Infinitely Losing My Edge
Yeah, I'm losing my edge.
I'm losing my edge.
The kids are coming up from behind.
I'm losing my edge.
I'm losing my edge to the kids from Nepal and from Mexico City.
But I was there.
I was there in 1983.
I was there at the first Bronski Beat show in Brixton.
I'm losing my edge.
I'm losing my edge to the kids whose footsteps I hear when they get on the decks.
I'm losing my edge to the internet seekers who can tell me every member of every good group from 1967 to 1972.
I'm losing my edge.
To all the kids in Sao Paulo and Stockholm.
I'm losing my edge to the art-school Woodstock kids in little jackets and borrowed nostalgia for the unremembered nineties.
I'm losing my edge.
I'm losing my edge.
I can hear the footsteps every night on the decks.
But I was there.
I was there in 1983 at the first Bronski Beat practice in a loft in Brixton.
I was working on the chamberlin sounds with much patience.
I was there when David Bowie started up his first band.
I told him, "Don't do it that way. You'll never make a dime."
I was there.
I was the first guy playing Marmalade to the disco kids.
I played it at the Astoria.
Everybody thought I was crazy.
We all know.
I was there.
I was there.
I've never been wrong.
But I'm losing my edge to better-looking people with better ideas and more talent.
And they're actually really, really nice.
I'm losing my edge.
I heard you have a compilation of every good song ever done by anybody.
Every great song by H. Thieme. All the underground hits.
All Absolute Body Control tracks. I heard you have a vinyl of every The Tremeloes record on German import.
I heard that you have a white label of every seminal rap hit - 1985, '86, '87.
I heard that you have a CD compilation of every good '70s cut and another box set from the '80s.
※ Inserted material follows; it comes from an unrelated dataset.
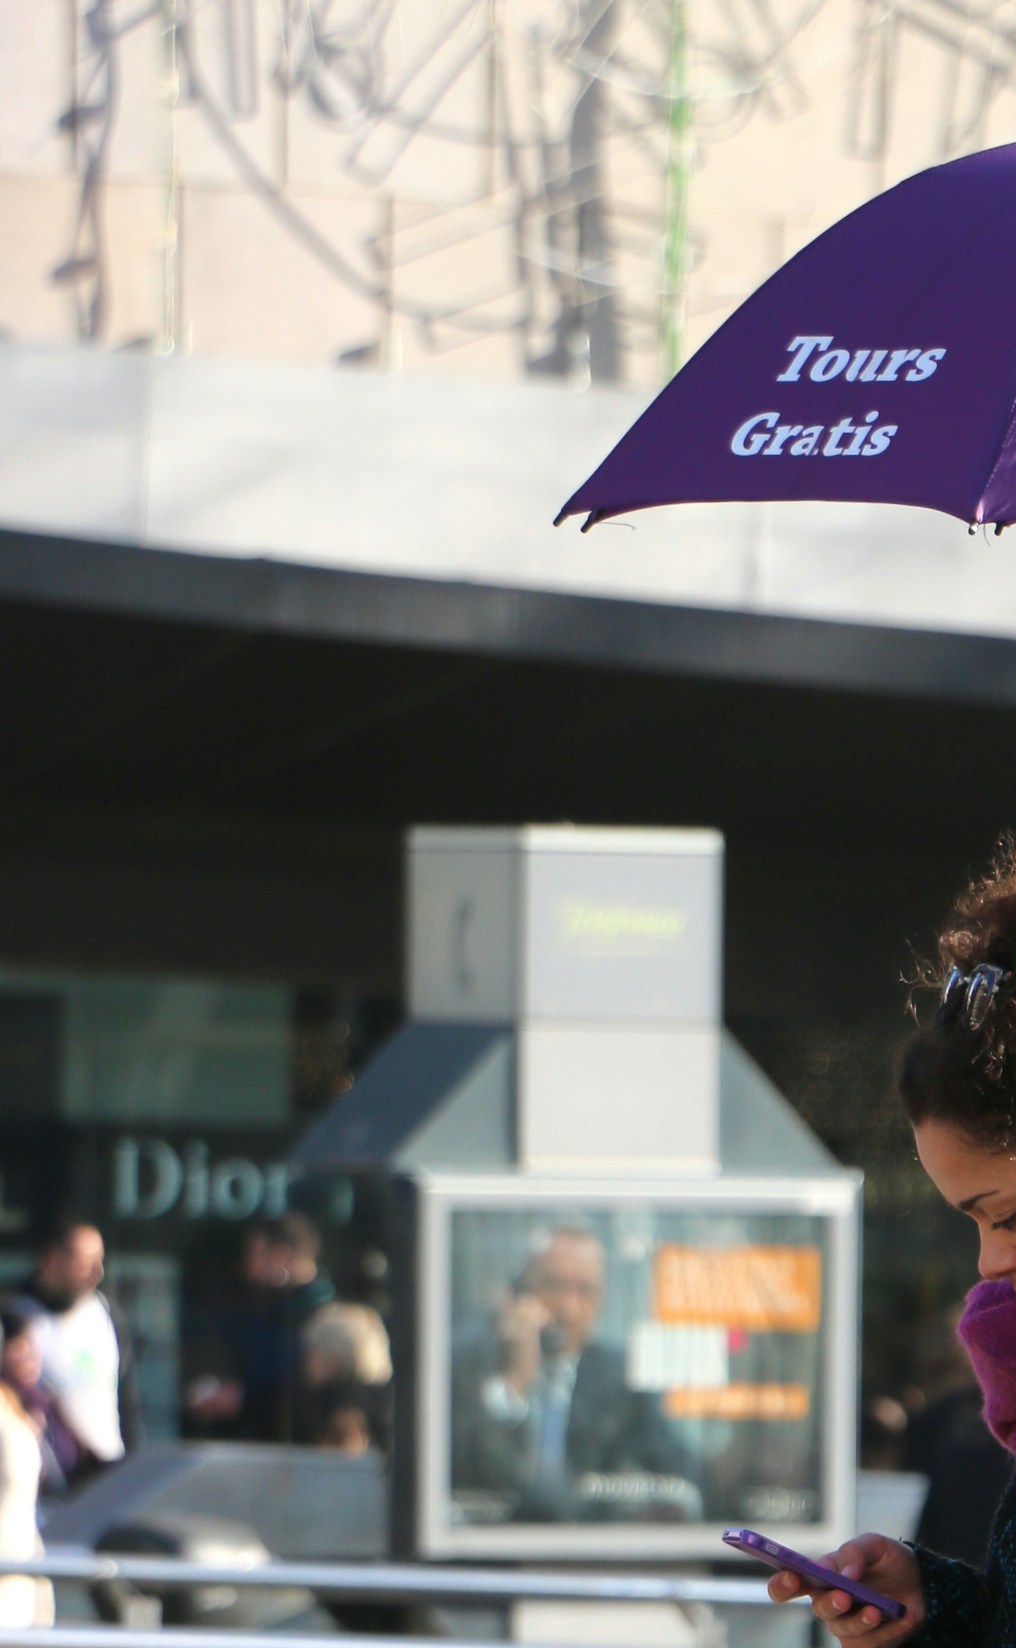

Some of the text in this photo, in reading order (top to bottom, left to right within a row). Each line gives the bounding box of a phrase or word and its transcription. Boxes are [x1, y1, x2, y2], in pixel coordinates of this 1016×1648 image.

[776, 336, 947, 382] Tours
[730, 411, 898, 456] Gratis
[113, 1136, 290, 1219] Dior
I hear you're buying an organ and an arpeggiator and are throwing your macbook out the window because you want to make something real. You want to make a Flamin' Groovies record.
I hear that you and your band have sold your clarinet and bought an organ.
I hear that you and your band have sold your organ and bought a clarinet.
I hear everybody that you know is more relevant than everybody that I know.
But have you seen my records?
Pere Ubu,
Nils Olav,
Alison Limerick,
Terrestrial Tones,
Suicide,
Godley & Creme,
Mary Jane Girls,
Motorama,
Major Organ And The Adding Machine,
Gil Scott Heron,
Funkadelic,
Bluetip,
Moebius,
Radiohead,
Jeff Lynne,
The Blues Magoos,
F. McDonald,
Country Teasers,
The Zeros,
The Golliwogs,
Subhumans,
Rapeman,
Wings,
Bill Wells,
Zapp,
Maleditus Sound,
The Slits,
Bad Manners,
Gang of Four,
Surgeon,
The Cowsills,
Con Funk Shun,
Eve St. Jones,
Desert Stars,
Andrew Hill,
Franke,
Tim Buckley,
Marcia Griffiths,
Arcadia,
Iggy Pop,
Junior Murvin,
London Community Gospel Choir,
Barrington Levy,
Siouxsie and the Banshees,
Sun Ra Arkestra,
The Invisible,
Nick Fraelich,
Sex Pistols,
The Raincoats,
Mantronix,
Lebanon Hanover,
John Foxx,
Alton Ellis,
The Last Poets,
Ronnie Foster,
Joensuu 1685,
Agitation Free,
Peter & Gordon,
The Gladiators,
The Seeds,
Rhythim Is Rhythim, Rhythim Is Rhythim, Rhythim Is Rhythim, Rhythim Is Rhythim.
You don't know what you really want.
You don't know what you really want.
You don't know what you really want.
You don't know what you really want.
You don't know what you really want.
You don't know what you really want.
You don't know what you really want.
You don't know what you really want.
You don't know what you really want.
You don't know what you really want.
You don't know what you really want.
You don't know what you really want.
You don't know what you really want.
You don't know what you really want.
You don't know what you really want.